* [EXERCISE REQUIREMENTS]: Retype the data below exactly; skip every image.

==*==

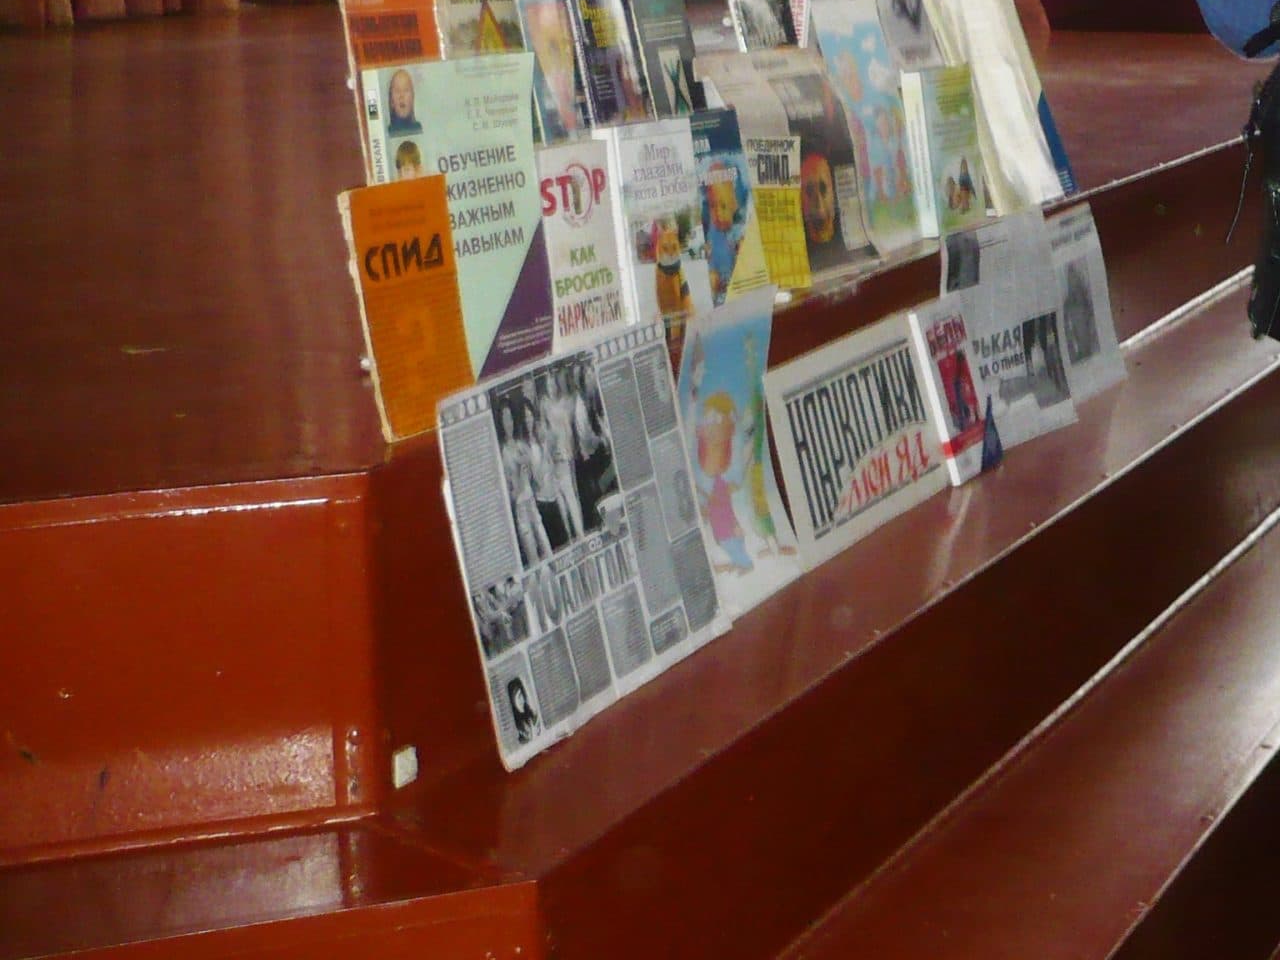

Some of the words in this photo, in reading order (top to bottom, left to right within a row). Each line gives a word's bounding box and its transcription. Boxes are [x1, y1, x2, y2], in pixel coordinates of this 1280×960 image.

[438, 145, 516, 174] ОБУЧЕНИЕ
[645, 143, 670, 161] Мир
[540, 162, 607, 222] STOP
[365, 233, 443, 282] СПИД
[569, 245, 597, 266] КАК
[555, 267, 614, 298] БРОСИТЬ
[786, 346, 927, 530] НАРКОТИКИ
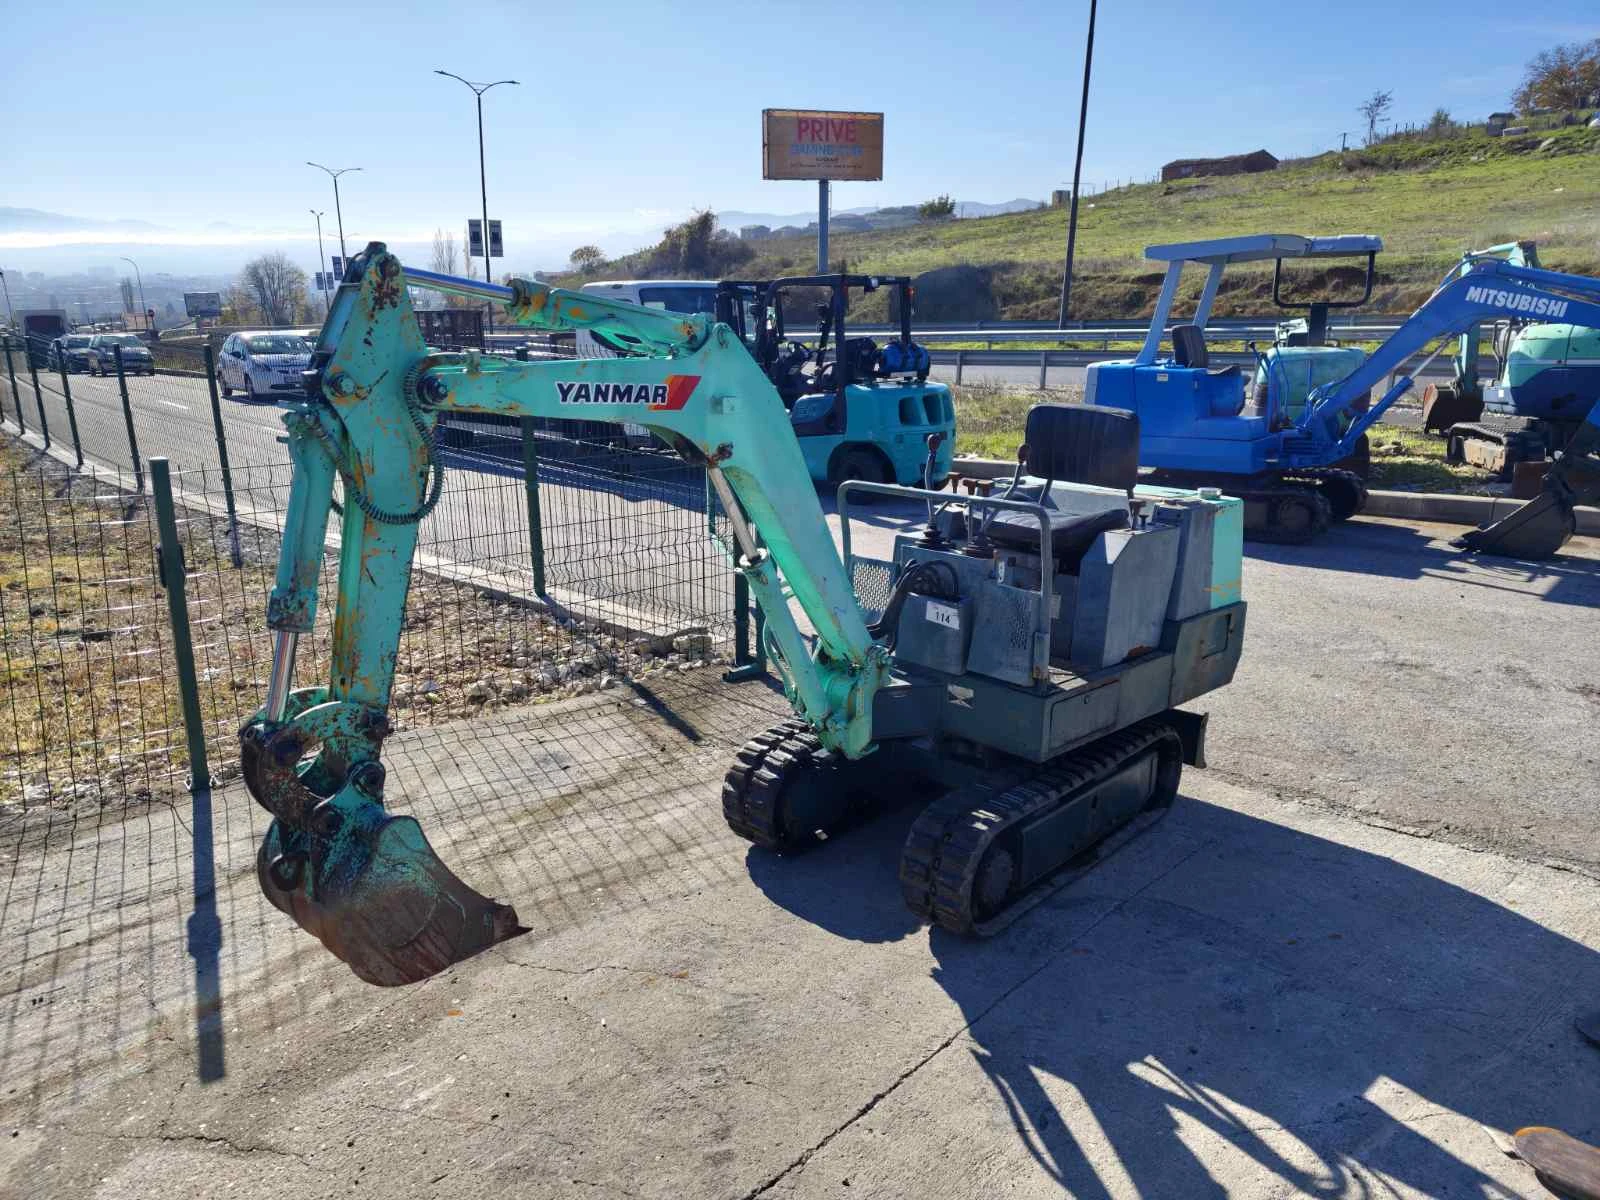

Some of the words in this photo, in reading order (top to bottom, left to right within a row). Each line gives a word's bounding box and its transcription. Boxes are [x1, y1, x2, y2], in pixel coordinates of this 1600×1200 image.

[1465, 286, 1569, 318] MITSUBISHI
[555, 381, 669, 405] YANMAR
[935, 611, 951, 624] 114
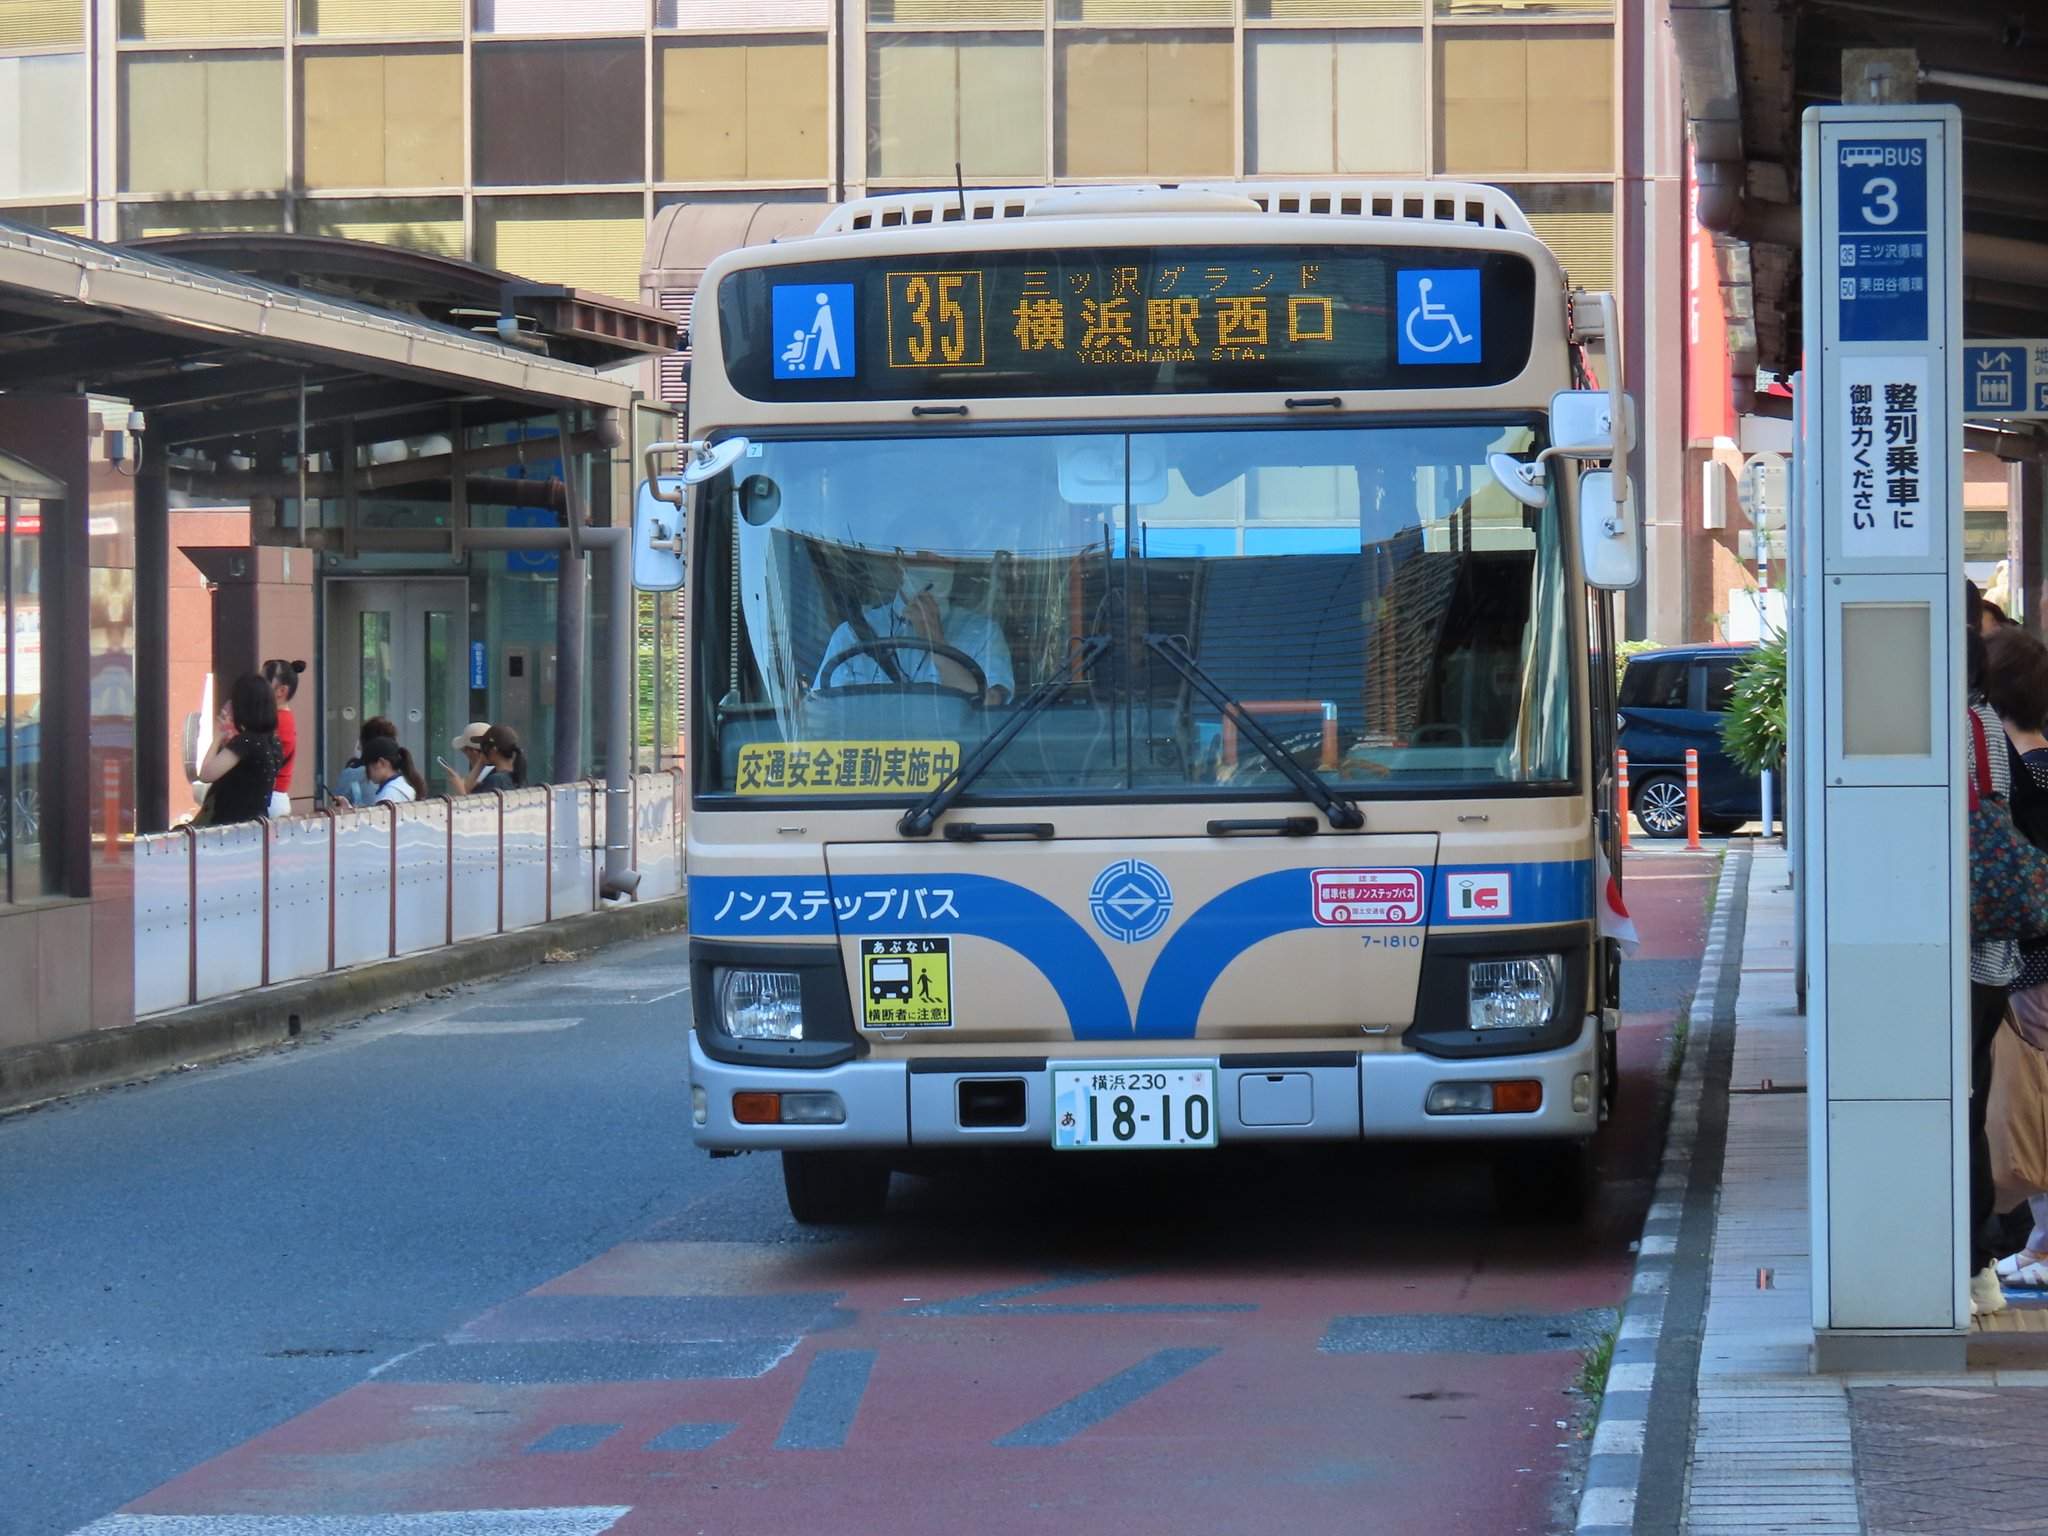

==*==

* [RESPONSE TO THIS EXERCISE]:
Some of the words in this photo, in reading order (top to bottom, left to right within a row). Each line gives a word's bounding box and its transcription. Boxes are [x1, y1, x2, y2], in pixel coordinates of this 1280×960 image.

[438, 145, 516, 174] ОБУЧЕНИЕ
[645, 143, 670, 161] Мир
[540, 162, 607, 222] STOP
[365, 233, 443, 282] СПИД
[569, 245, 597, 266] КАК
[555, 267, 614, 298] БРОСИТЬ
[786, 346, 927, 530] НАРКОТИКИ

Some of the words in this photo, in reading order (top to bottom, left to right within a row). Each line gives a word's bounding box and its transcription. Boxes are [x1, y1, x2, y2], in pixel coordinates of this 1600×1200 image.

[1465, 286, 1569, 318] MITSUBISHI
[555, 381, 669, 405] YANMAR
[935, 611, 951, 624] 114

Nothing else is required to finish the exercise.